The entries are to be written out word for word, with their images left out.

Free-text object descriptions:
● ● ● ● ●

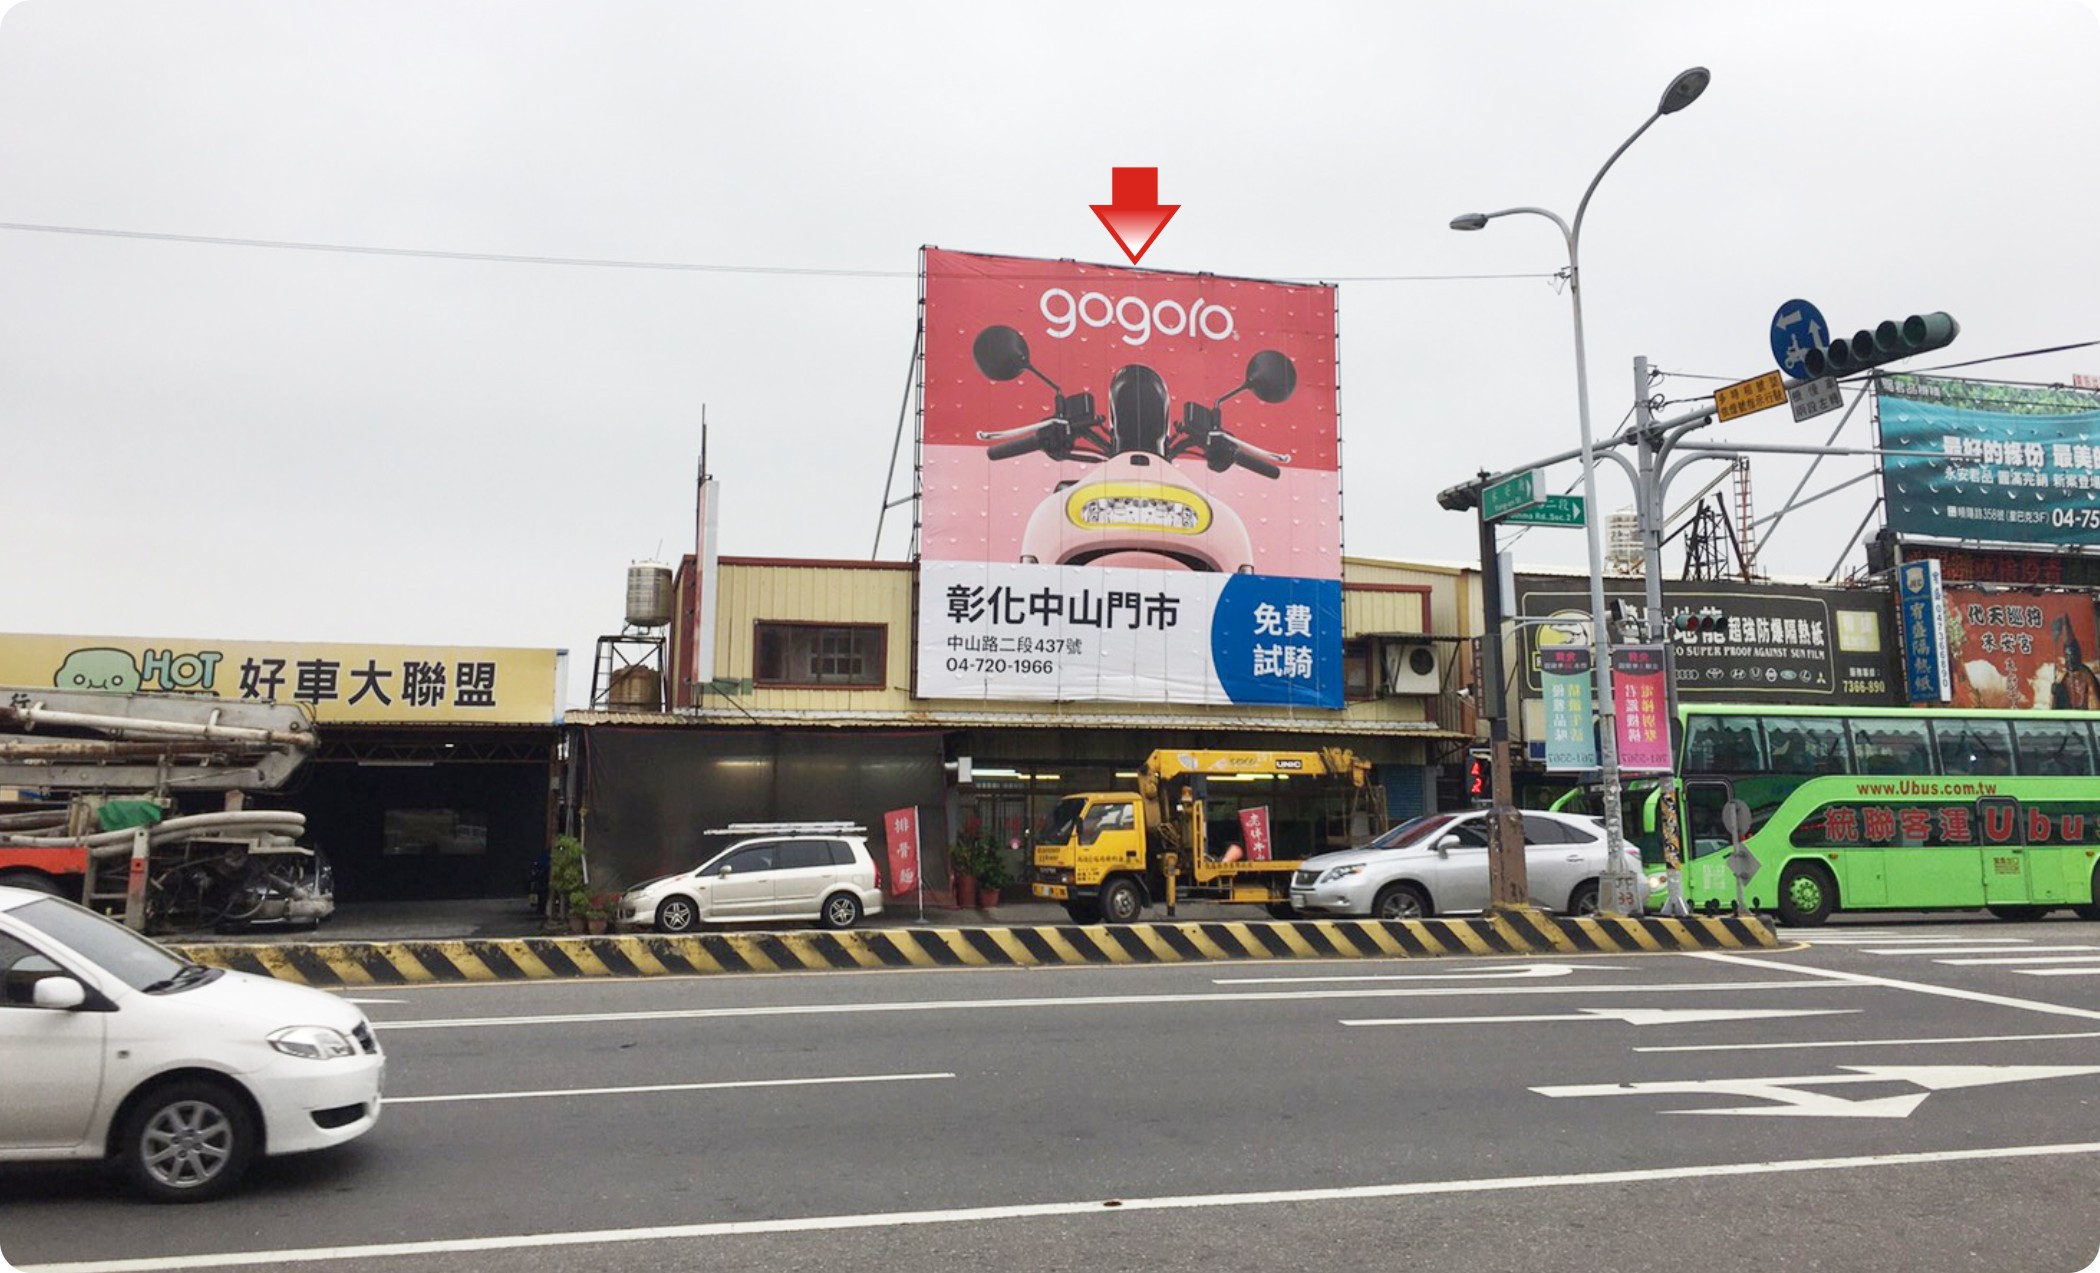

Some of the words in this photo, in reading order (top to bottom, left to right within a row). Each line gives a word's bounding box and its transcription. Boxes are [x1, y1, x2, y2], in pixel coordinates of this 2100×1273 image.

[1039, 287, 1234, 346] gogoro
[946, 584, 1180, 631] 彰化中山門市
[1253, 602, 1313, 637] 免費
[947, 634, 1083, 655] 中山路二段437號
[1252, 643, 1313, 679] 試騎
[1686, 646, 1722, 656] SUPER
[142, 648, 224, 690] HOT
[239, 657, 496, 707] 好車大聯盟
[946, 657, 1054, 674] 04-720-1966
[1276, 760, 1302, 769] UNIC
[1856, 781, 1997, 796] www.Ubus.com.tw
[1824, 805, 1972, 842] 統聯客運
[1985, 806, 2100, 841] Ubu
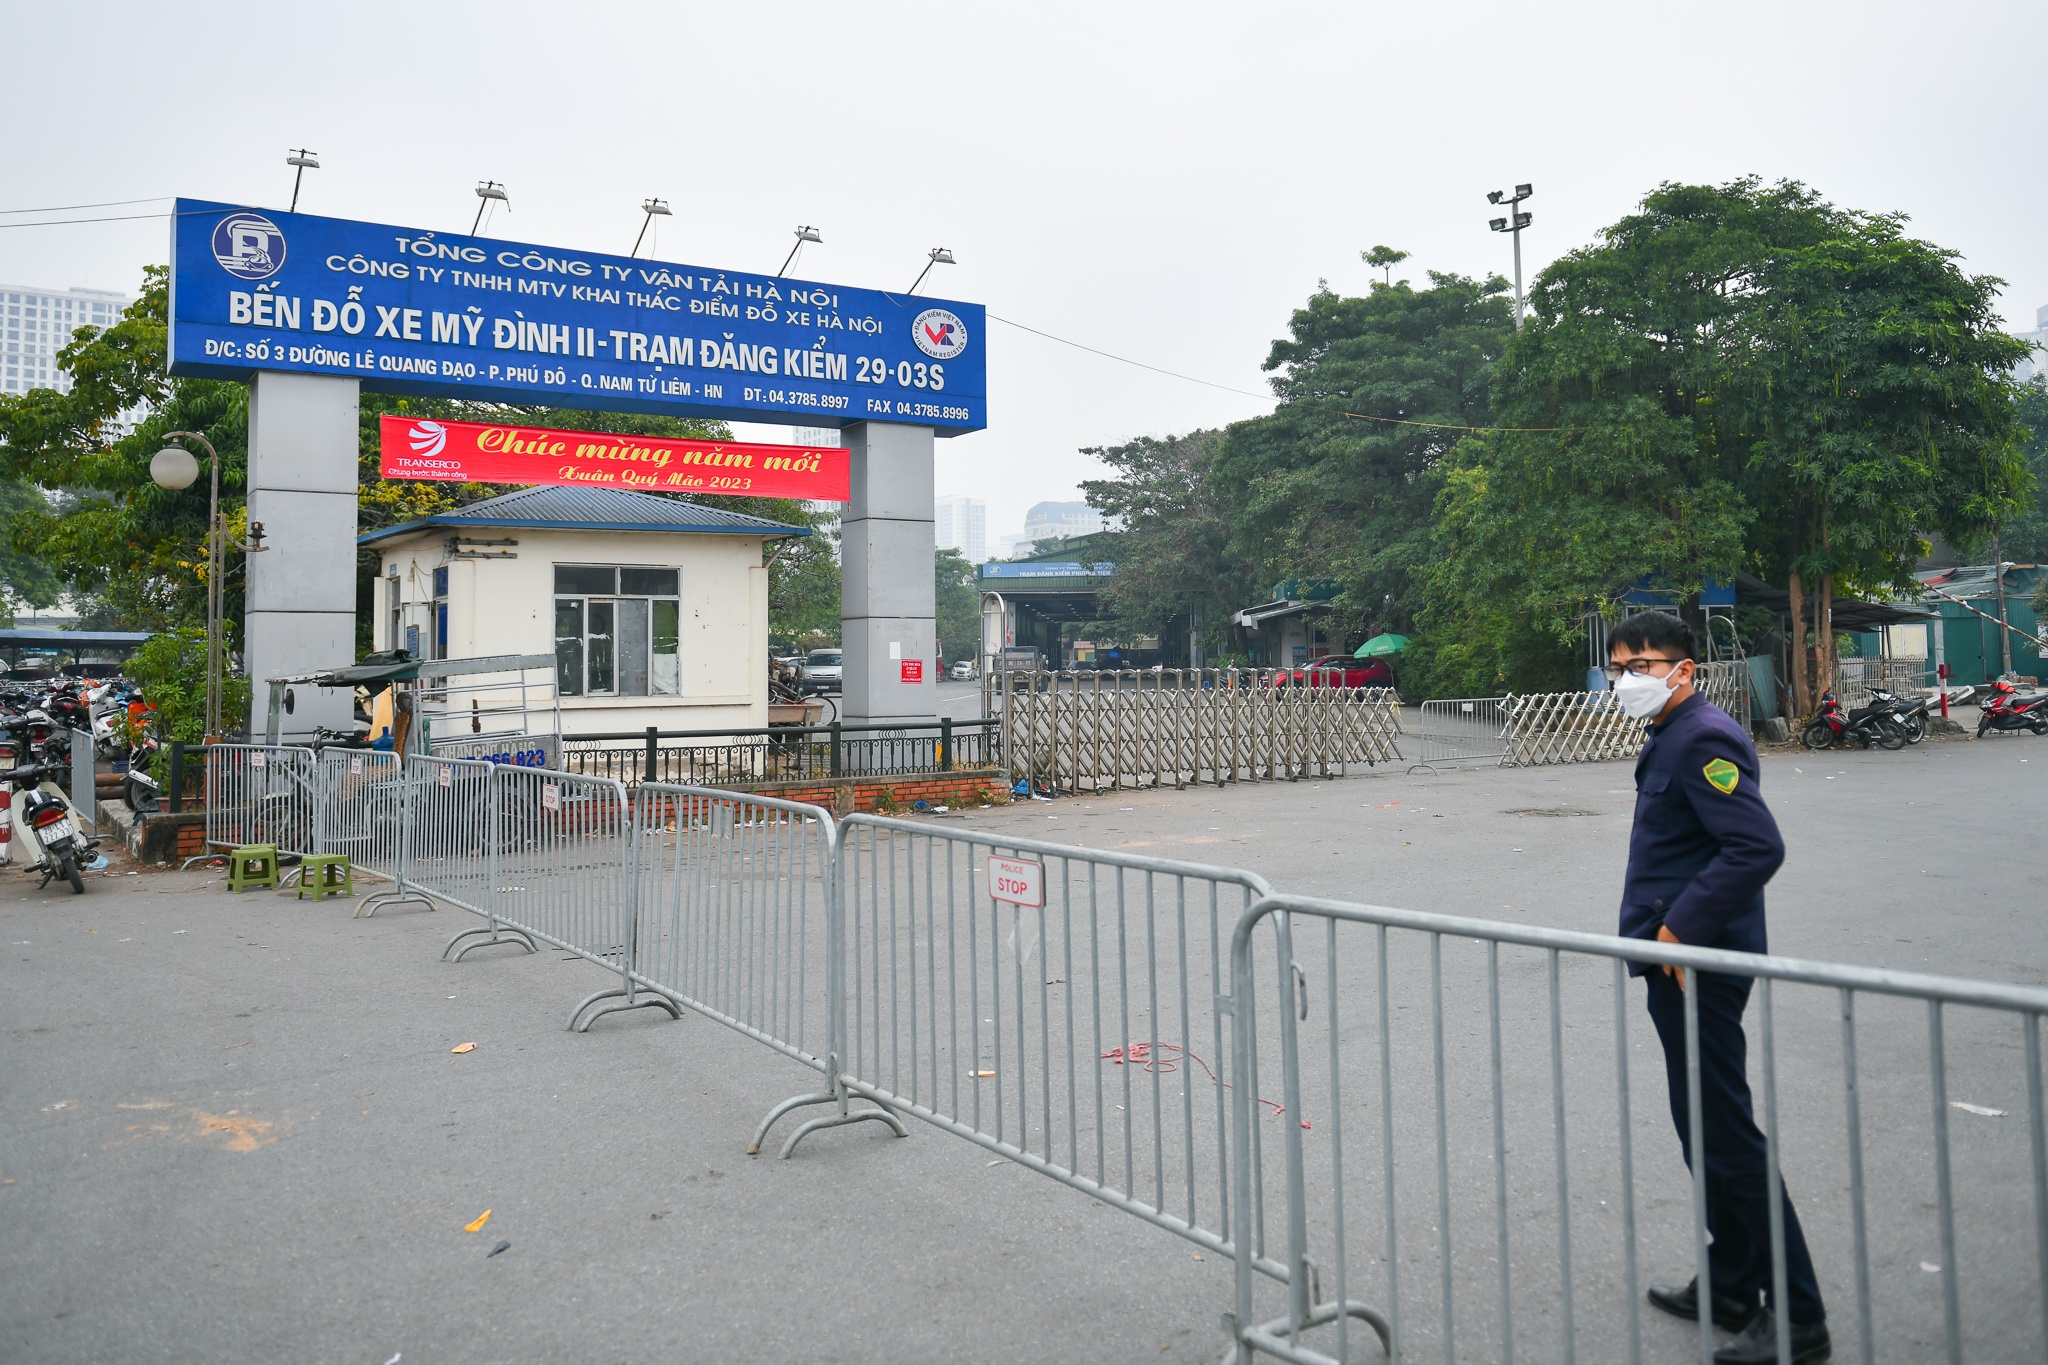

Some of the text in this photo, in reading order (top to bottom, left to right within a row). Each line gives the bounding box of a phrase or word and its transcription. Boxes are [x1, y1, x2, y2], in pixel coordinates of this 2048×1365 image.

● ● ● ● ●

**Response below:**
Some of the words in this photo, in reading order (top to bottom, left to right within a row). Each line gives a word's bounding box and its transcription. Boxes are [x1, y1, x2, y2], in pixel coordinates of this 2100×1273 image.

[1039, 287, 1234, 346] gogoro
[946, 584, 1180, 631] 彰化中山門市
[1253, 602, 1313, 637] 免費
[947, 634, 1083, 655] 中山路二段437號
[1252, 643, 1313, 679] 試騎
[1686, 646, 1722, 656] SUPER
[142, 648, 224, 690] HOT
[239, 657, 496, 707] 好車大聯盟
[946, 657, 1054, 674] 04-720-1966
[1276, 760, 1302, 769] UNIC
[1856, 781, 1997, 796] www.Ubus.com.tw
[1824, 805, 1972, 842] 統聯客運
[1985, 806, 2100, 841] Ubu

Some of the text in this photo, in reading order (top to bottom, left to right within a row). Each line gives the bounding box of a phrase or word and its transcription. Boxes are [x1, y1, x2, y2], in pixel coordinates of this 2048×1365 image.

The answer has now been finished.